The Supreme Court ruled for Goldman on the first argument, saying the 2nd Circuit “may not have properly considered the generic nature of Goldman’s alleged misrepresentations.” The price impact should be reassessed on remand, Barrett wrote in her opinion.

“The generic nature of a misrepresentation often will be important evidence of a lack of price impact, particularly in cases proceeding under the inflation-maintenance theory,” Barrett wrote. “On remand, the 2nd Circuit must take into account all record evidence relevant to price impact, regardless whether that evidence overlaps with materiality or any other merits issue.”

On the second question, Barrett wrote, the defendants “bear the burden of persuasion to prove a lack of price impact by a preponderance of the evidence.”

“Although the defendant bears the burden of persuasion, the allocation of the burden is unlikely to make much difference on the ground,” Barrett wrote.

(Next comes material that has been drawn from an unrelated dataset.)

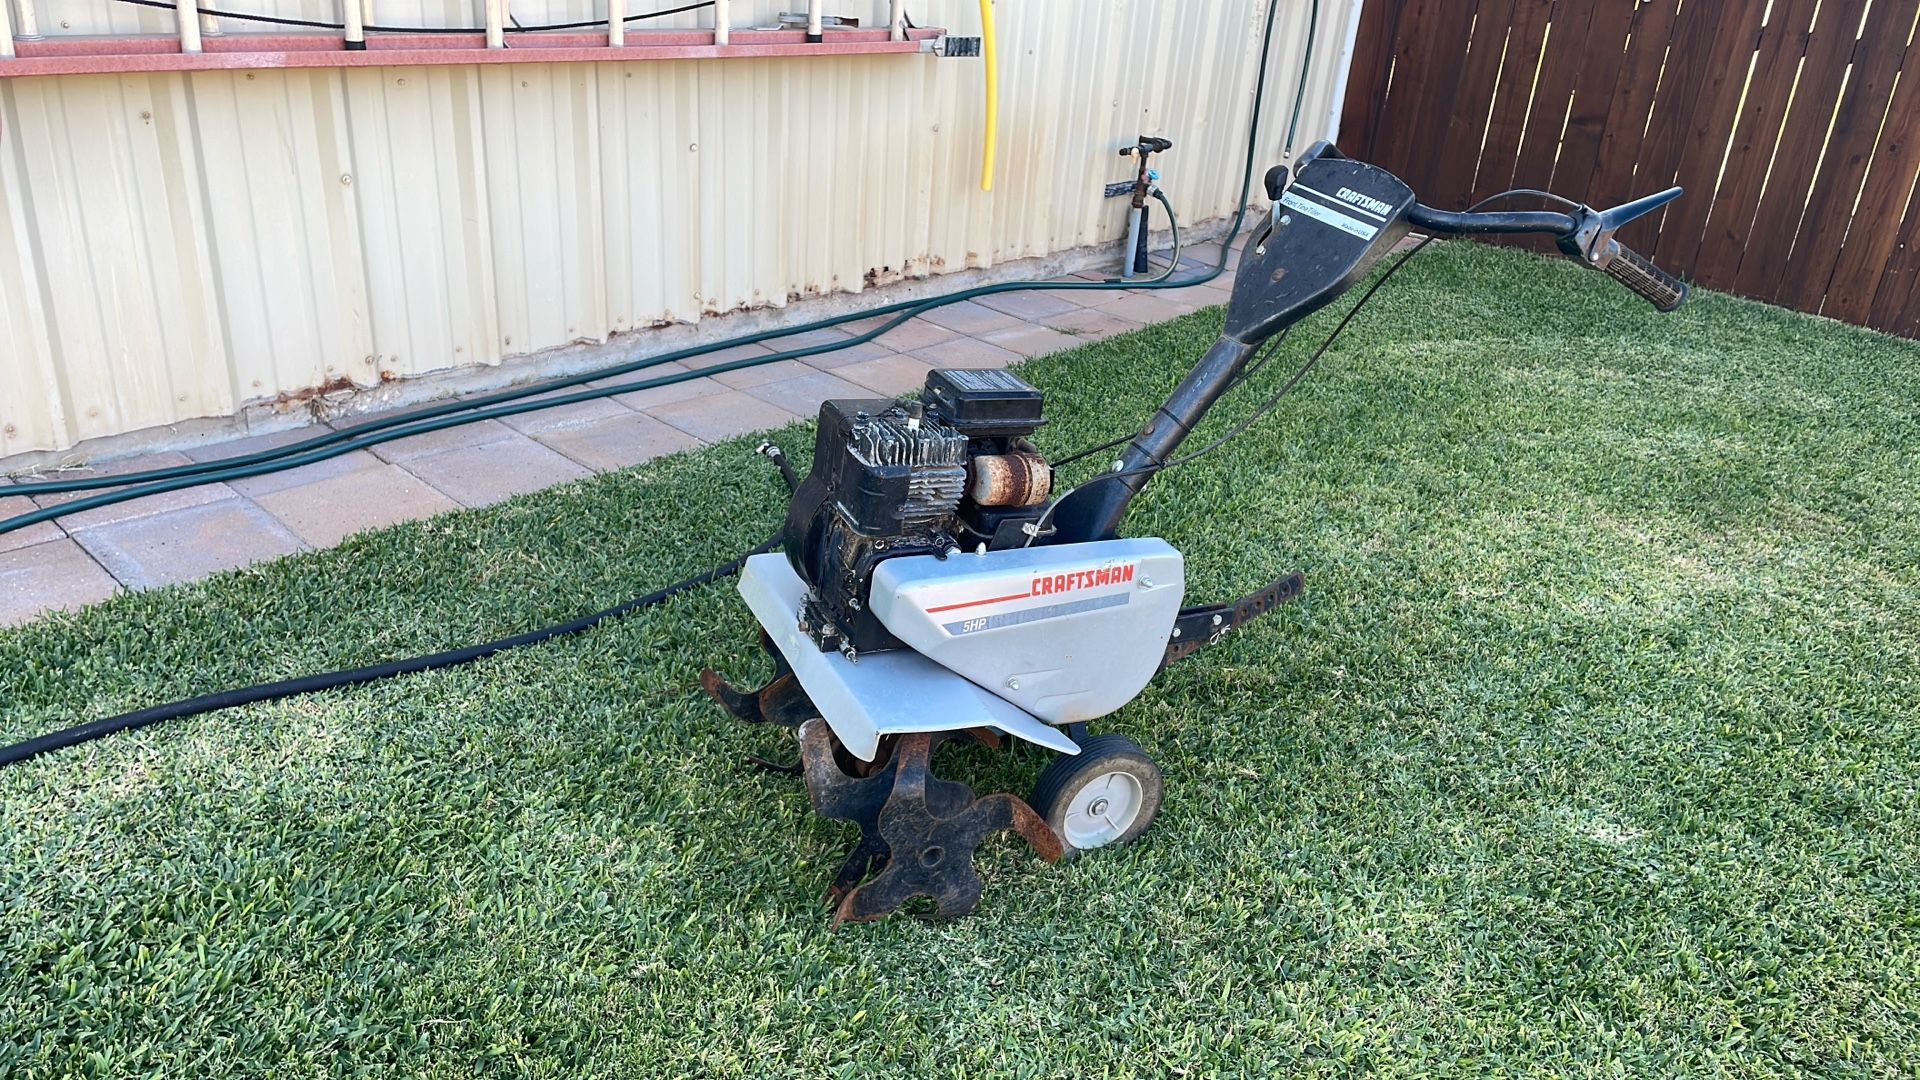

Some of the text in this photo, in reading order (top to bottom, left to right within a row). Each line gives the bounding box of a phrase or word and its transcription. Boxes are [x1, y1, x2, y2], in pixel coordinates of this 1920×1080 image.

[1336, 187, 1393, 216] CRAFTSMAN
[1031, 564, 1134, 597] CRAFTSMAN
[963, 617, 987, 633] 5HP

“In most securities-fraud class actions, as in this one, the plaintiffs and defendants submit competing expert evidence on price impact. The district court’s task is simply to assess all the evidence of price impact—direct and indirect—and determine whether it is more likely than not that the alleged misrepresentations had a price impact. The defendant’s burden of persuasion will have bite only when the court finds the evidence in equipoise—a situation that should rarely arise.”